DIVA long read: Invisible No Longer

Danielle Mustarde shines a light on the needs of LGBTQI+ women affected by HIV this National HIV Testing Week


National HIV Testing Week runs from 17 – 24 November 2018


Around one third of people living with HIV in the UK are women.


On top of that, a quarter of all new diagnoses are women. Yet women living with the virus remain invisible in the narrative surrounding HIV in the UK.


And then there’s LGBTQ+ women. When it comes to the national response to HIV, all women are by default assumed to be heterosexual. Even now in 2018, there’s still a real lack of understanding of the diversity of sexualities of women living with, and at risk of, HIV. 


Targeted campaigns are typically aimed explicitly at men who have sex with men (MSM), while the sexual health needs of lesbian, bisexual and queer women are largely ignored. A 2016 article published by the Sophia Forum, an organisation which promotes and advocates for the rights, health, welfare and dignity of women living with the virus, reinforces this:


“The sexual health concerns of lesbians and bisexual women have often been invisible, although studies conducted around the world show that lesbians and bisexual women face multiple vulnerabilities to  sexually transmitted infections (STIs), including  HIV.”

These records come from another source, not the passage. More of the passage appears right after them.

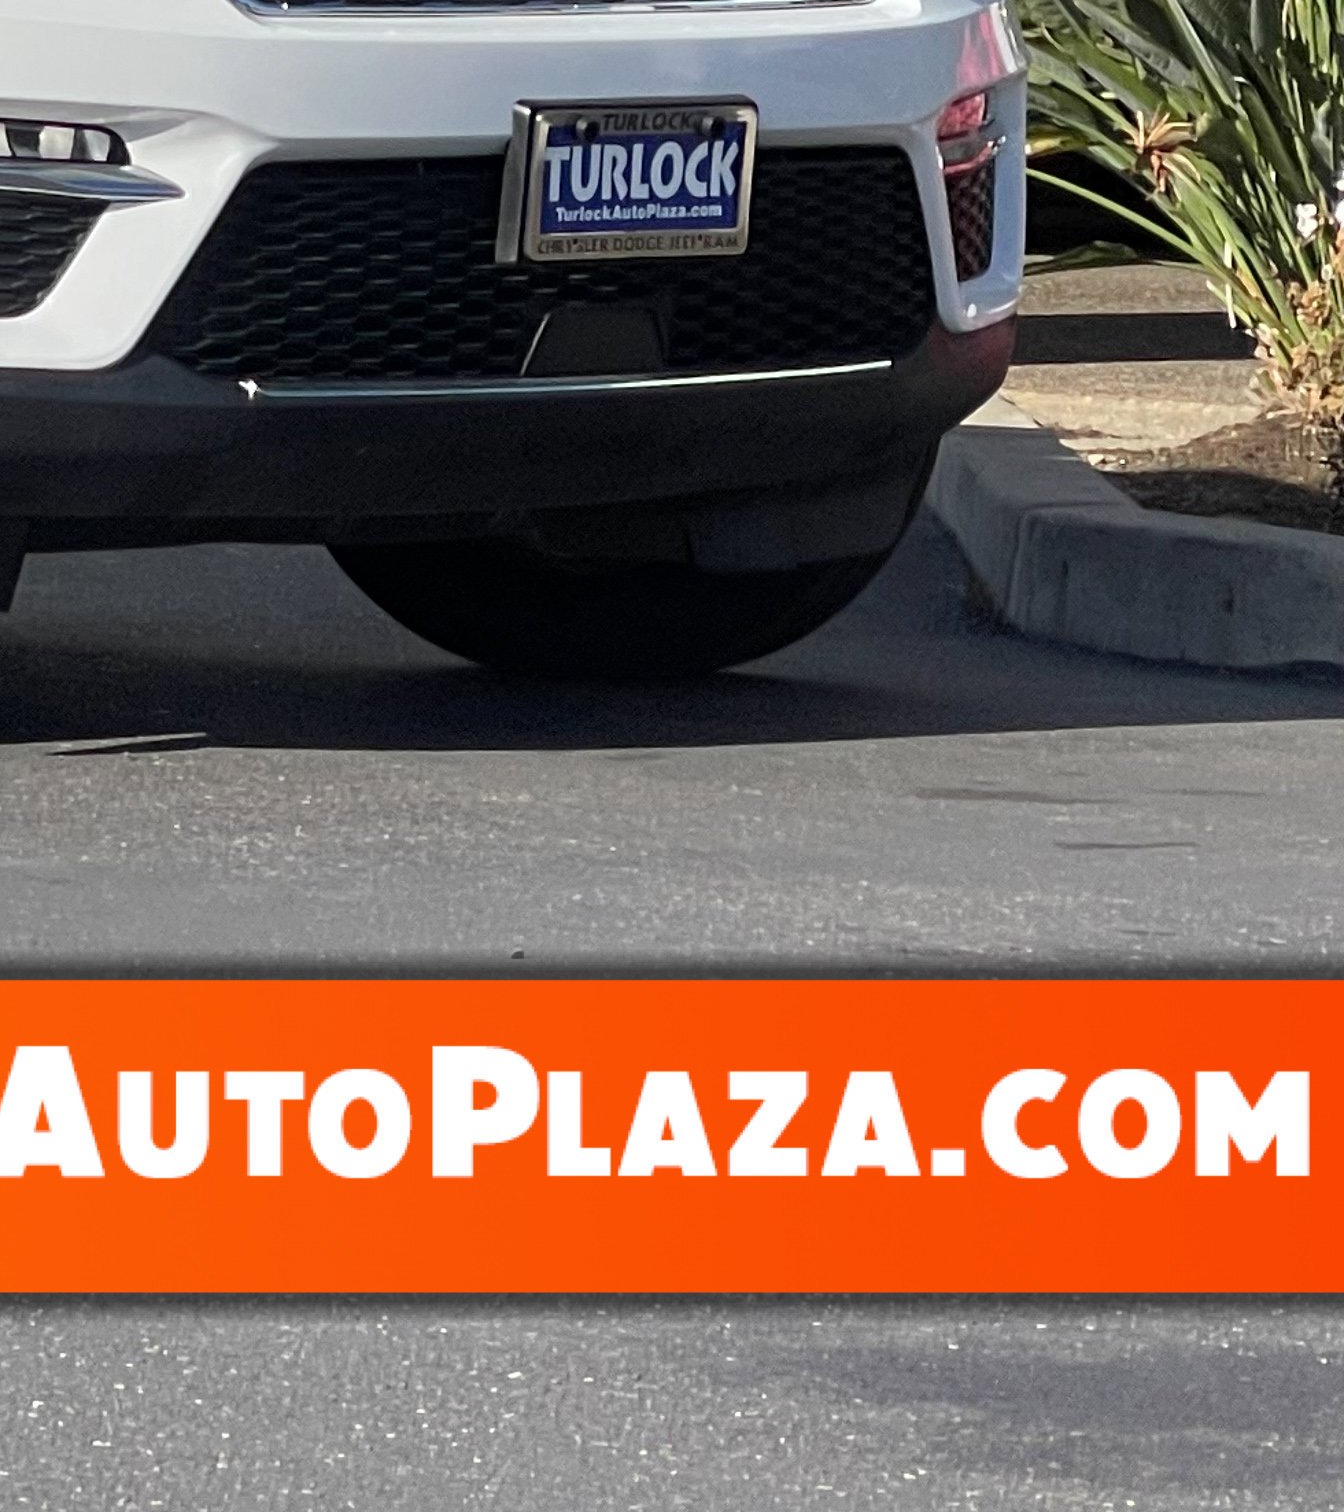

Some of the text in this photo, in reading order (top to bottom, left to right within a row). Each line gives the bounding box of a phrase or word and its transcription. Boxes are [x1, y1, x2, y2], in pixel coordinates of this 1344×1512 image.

[602, 112, 692, 132] TURLOCK
[545, 141, 740, 202] TURLOCK
[556, 204, 723, 222] TurlockAutoPlaza.com
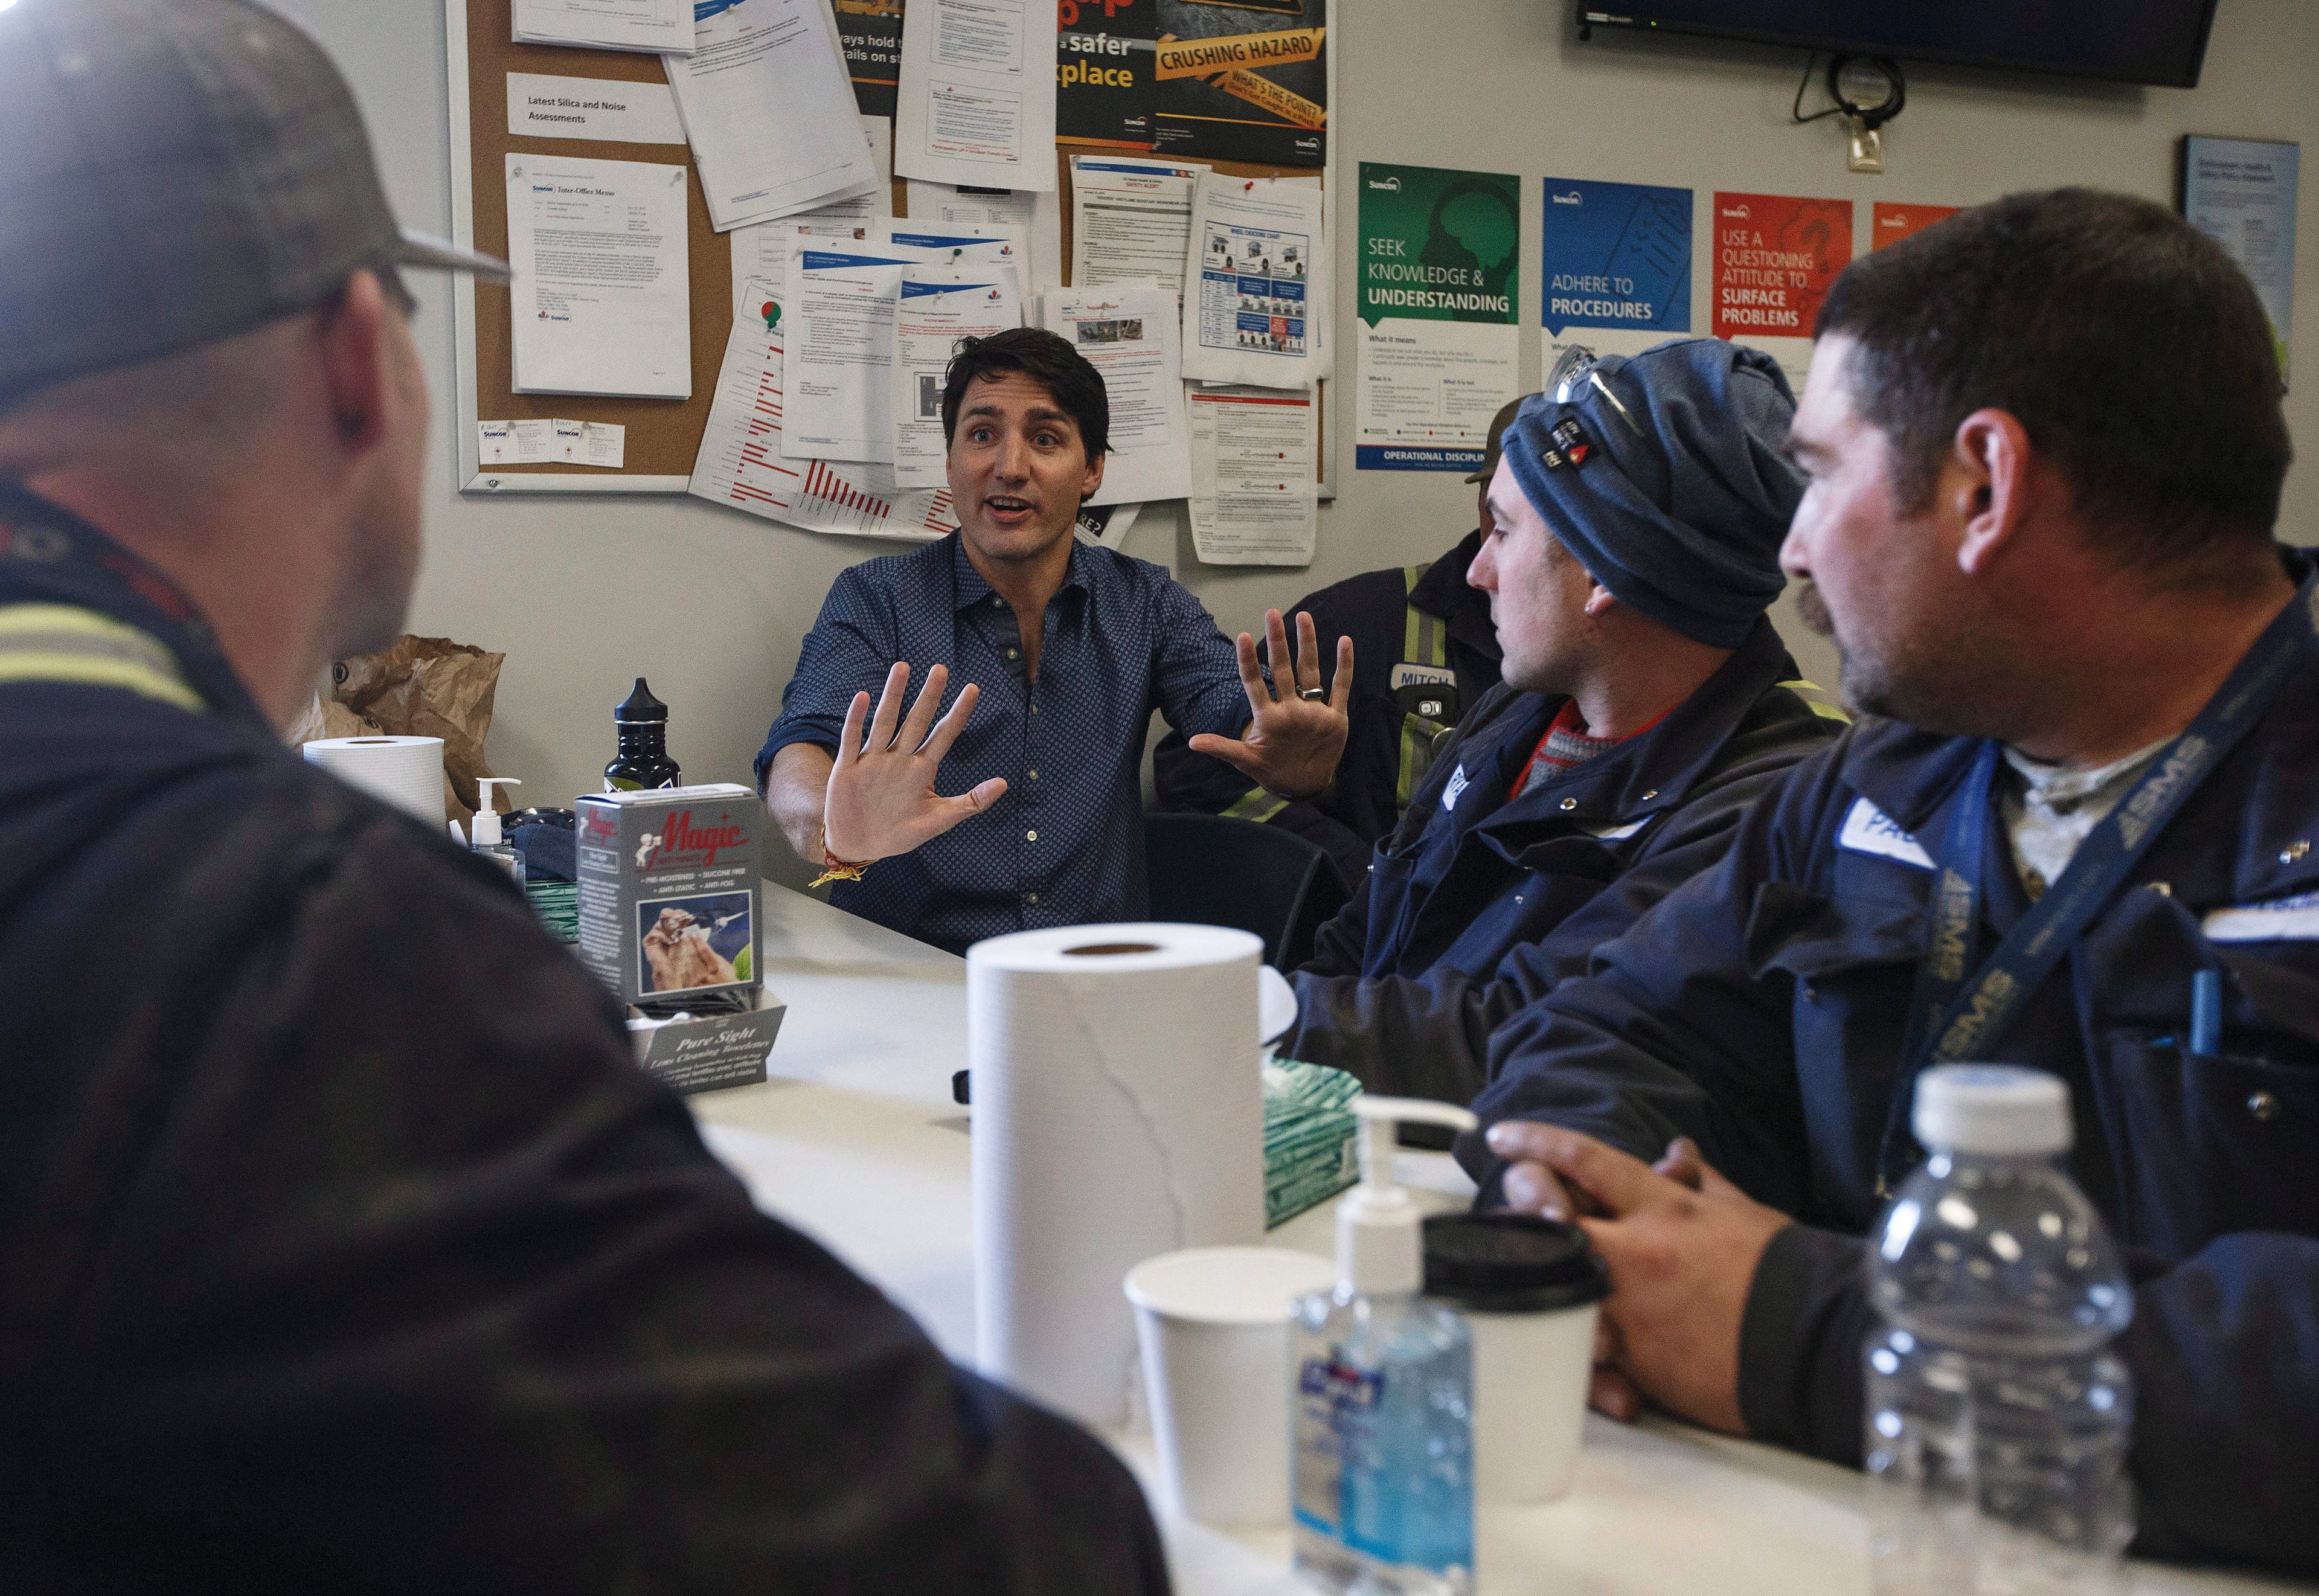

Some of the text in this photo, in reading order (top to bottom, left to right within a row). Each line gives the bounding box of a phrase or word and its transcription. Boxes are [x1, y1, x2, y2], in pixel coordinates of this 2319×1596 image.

[868, 35, 894, 48] hold
[1069, 32, 1132, 56] safer
[870, 53, 887, 63] on
[1160, 35, 1313, 71] CRUSHING HAZARD
[528, 96, 626, 111] Latest Silica and Noise
[528, 111, 586, 123] Assessments
[558, 186, 594, 195] Inter-Office
[1722, 229, 1763, 246] USE A
[1368, 238, 1406, 257] SEEK
[1722, 249, 1814, 270] QUESTIONING
[1368, 263, 1484, 287] KNOWLEDGE &
[1551, 274, 1634, 295] ADHERE TO
[1722, 269, 1807, 289] ATTITUDE TO
[1368, 288, 1510, 312] UNDERSTANDING
[1722, 288, 1786, 307] SURFACE
[1551, 298, 1652, 319] PROCEDURES
[1722, 308, 1799, 327] PROBLEMS
[1384, 450, 1443, 461] OPERATIONAL
[1401, 672, 1449, 685] MITCH
[649, 810, 751, 867] Magic
[676, 1027, 757, 1052] Pure Sight
[676, 1048, 720, 1063] Cleaning

Very little exists to support the specific sexual health needs of queer women in the UK and, where it does, it’s often confined to the work of LGBT-focused charities like the LGBT Foundation, one of the first organisations to provide specific information on HIV to women who have sex with women (WSM).


But change is happening, and earlier this year, Terrence Higgins Trust (THT), the UK’s leading charity in the fight against HIV, launched a report alongside Sophia Forum, which aims to shine a light on women affected by HIV.


Women And HIV: Invisible No Longer is the culmination of a year-long project which explored women’s needs and experiences with HIV. Co-produced with women living with and affected by HIV, it draws heavily on the day-to-day experiences of women in a bid to understand what HIV really means for those living with it in the UK today.


Hoping to further agitate conversations around LGBTQ+ women affected by HIV, DIVA spoke to one woman to hear her experience firsthand.


This article first appeared in the June 2018 issue of DIVA magazine 



Florence Obadeyi is 46 years old and from Hull. She identifies as bisexual and was diagnosed with HIV when she was 28 years old and pregnant with her son. Florence initially thought her diagnosis meant she was going to die.


“I didn’t know there were other people living with HIV,” she explains.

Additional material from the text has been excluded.